» **Task description**: Any images in the material are to be dropped while every line is retyped exactly.

┌──

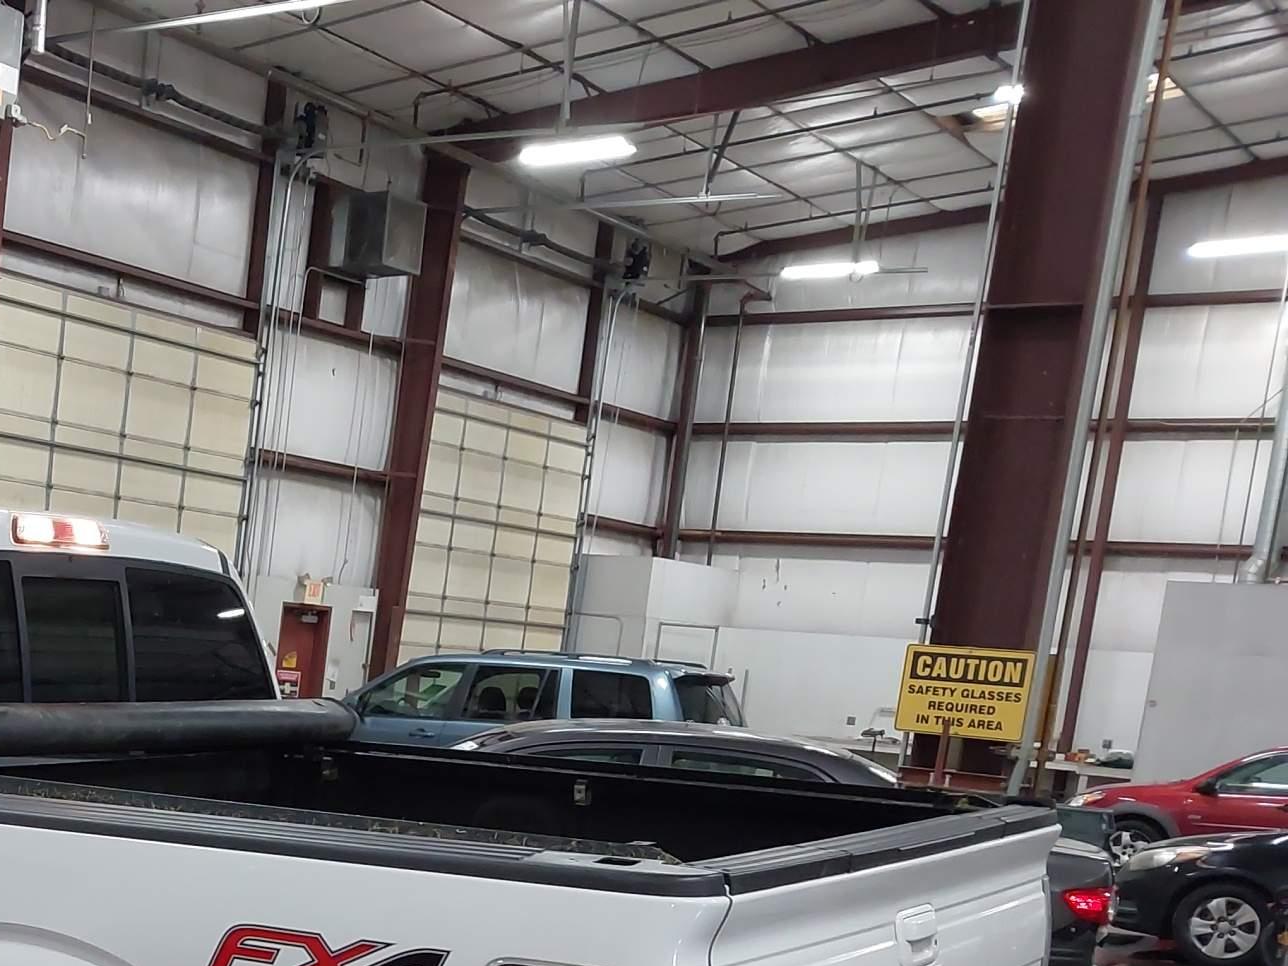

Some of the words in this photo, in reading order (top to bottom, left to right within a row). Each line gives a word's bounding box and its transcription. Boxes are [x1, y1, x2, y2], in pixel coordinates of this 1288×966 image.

[916, 655, 1022, 684] CAUTION
[908, 684, 957, 698] SAFETY
[961, 688, 1022, 703] GLASSES
[927, 700, 996, 715] REQUIRED
[915, 713, 930, 724] IN
[934, 715, 964, 727] THIS
[967, 718, 1003, 731] AREA
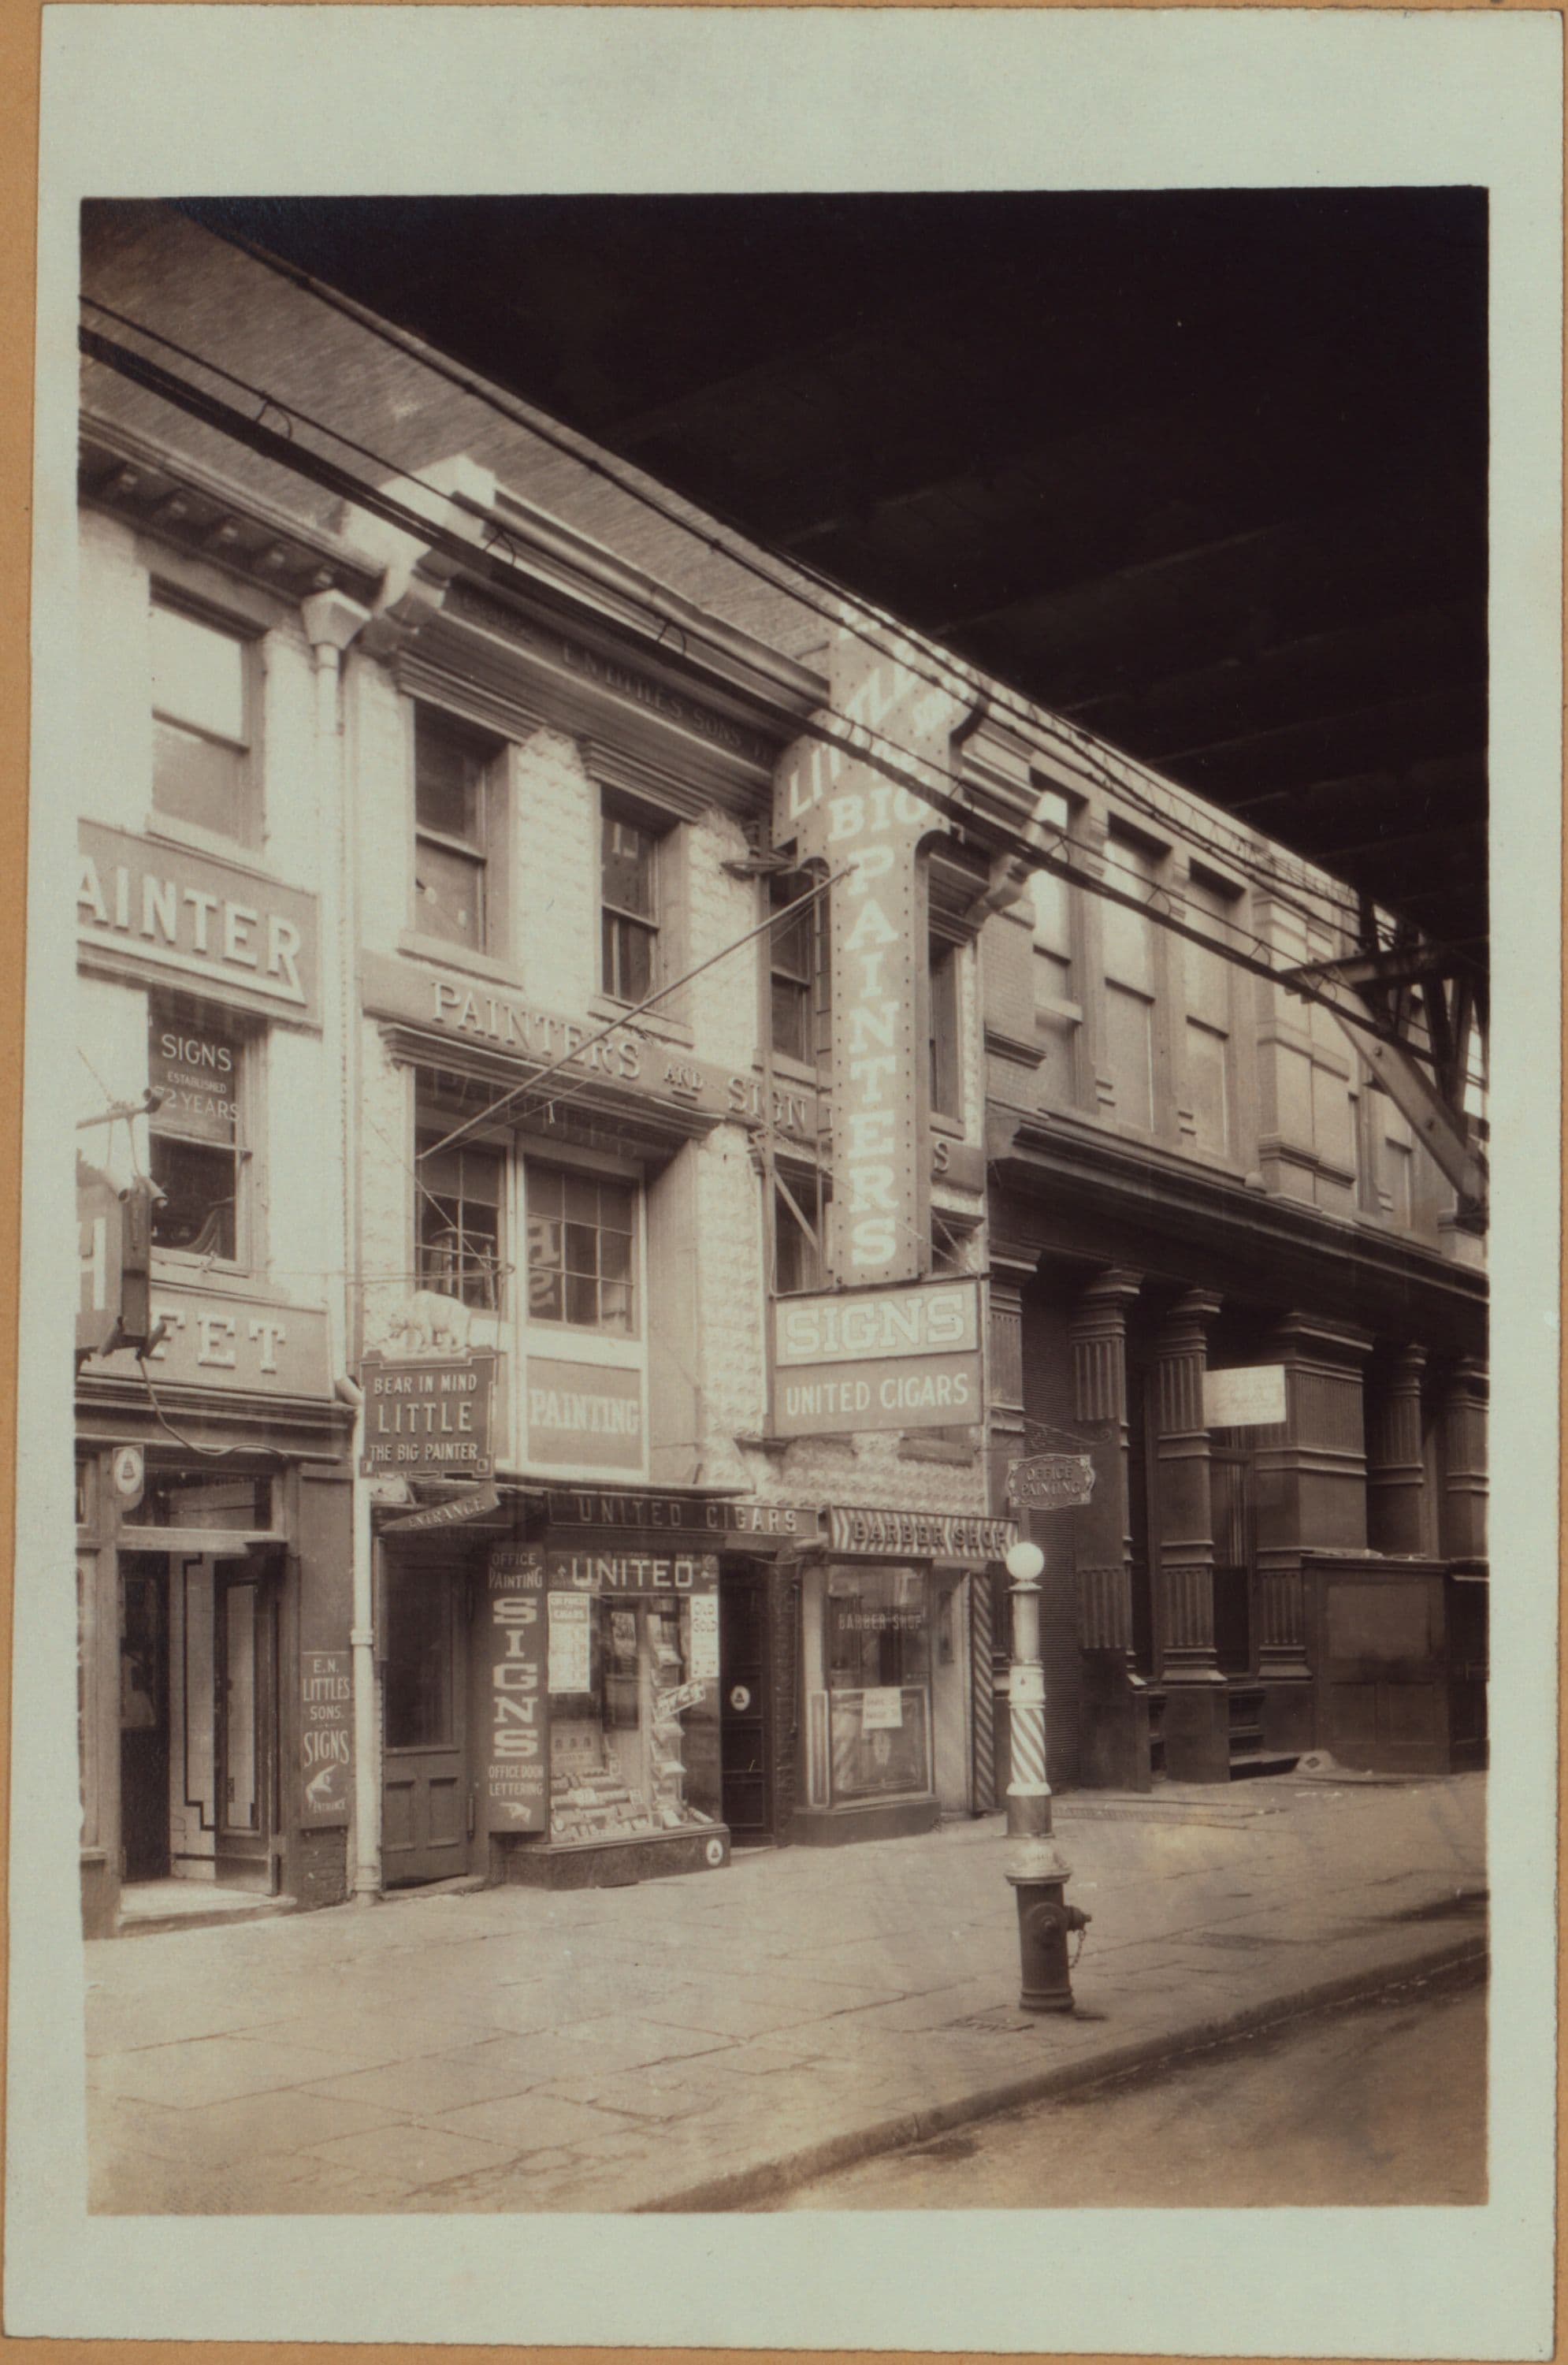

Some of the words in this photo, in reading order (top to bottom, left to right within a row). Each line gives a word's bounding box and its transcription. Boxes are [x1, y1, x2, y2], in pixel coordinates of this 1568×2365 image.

[161, 1033, 232, 1072] SIGNS
[432, 982, 642, 1080] PAINTERS
[663, 1062, 704, 1091] AND
[842, 844, 900, 1265] PAINTERS
[167, 1071, 227, 1095] ESTABLISHED
[180, 1091, 241, 1122] YEARS
[786, 1292, 965, 1355] SIGNS
[374, 1378, 412, 1396] BEAR
[419, 1375, 434, 1393] IN
[440, 1374, 477, 1393] MIND
[786, 1381, 871, 1417] UNITED
[879, 1373, 968, 1411] CIGARS
[377, 1401, 473, 1434] LITTLE
[528, 1388, 641, 1436] PAINTING
[370, 1445, 392, 1463] THE
[397, 1444, 419, 1462] BIG
[425, 1442, 479, 1461] PAINTER
[408, 1497, 486, 1527] ENTRANCE
[576, 1497, 682, 1527] UNITED
[706, 1503, 797, 1533] CIGARS
[852, 1517, 946, 1546] BARBER
[953, 1525, 1006, 1551] SHOP
[491, 1552, 536, 1567] OFFICE
[572, 1556, 694, 1589] UNITED
[489, 1567, 543, 1590] PAINTING
[313, 1658, 340, 1674] E.N.
[492, 1597, 539, 1757] SIGNS
[303, 1730, 350, 1768] SIGNS
[488, 1764, 520, 1779] OFFICE
[521, 1764, 544, 1779] DOOR
[489, 1782, 544, 1798] LETTERING

└──

» **Solution to the problem**:
Some of the words in this photo, in reading order (top to bottom, left to right within a row). Each line gives a word's bounding box and its transcription. Boxes are [x1, y1, x2, y2], in pixel coordinates of this 1288×966 image.

[916, 655, 1022, 684] CAUTION
[908, 684, 957, 698] SAFETY
[961, 688, 1022, 703] GLASSES
[927, 700, 996, 715] REQUIRED
[915, 713, 930, 724] IN
[934, 715, 964, 727] THIS
[967, 718, 1003, 731] AREA

Some of the words in this photo, in reading order (top to bottom, left to right within a row). Each line gives a word's bounding box and its transcription. Boxes are [x1, y1, x2, y2], in pixel coordinates of this 1568×2365 image.

[161, 1033, 232, 1072] SIGNS
[432, 982, 642, 1080] PAINTERS
[663, 1062, 704, 1091] AND
[842, 844, 900, 1265] PAINTERS
[167, 1071, 227, 1095] ESTABLISHED
[180, 1091, 241, 1122] YEARS
[786, 1292, 965, 1355] SIGNS
[374, 1378, 412, 1396] BEAR
[419, 1375, 434, 1393] IN
[440, 1374, 477, 1393] MIND
[786, 1381, 871, 1417] UNITED
[879, 1373, 968, 1411] CIGARS
[377, 1401, 473, 1434] LITTLE
[528, 1388, 641, 1436] PAINTING
[370, 1445, 392, 1463] THE
[397, 1444, 419, 1462] BIG
[425, 1442, 479, 1461] PAINTER
[408, 1497, 486, 1527] ENTRANCE
[576, 1497, 682, 1527] UNITED
[706, 1503, 797, 1533] CIGARS
[852, 1517, 946, 1546] BARBER
[953, 1525, 1006, 1551] SHOP
[491, 1552, 536, 1567] OFFICE
[572, 1556, 694, 1589] UNITED
[489, 1567, 543, 1590] PAINTING
[313, 1658, 340, 1674] E.N.
[492, 1597, 539, 1757] SIGNS
[303, 1730, 350, 1768] SIGNS
[488, 1764, 520, 1779] OFFICE
[521, 1764, 544, 1779] DOOR
[489, 1782, 544, 1798] LETTERING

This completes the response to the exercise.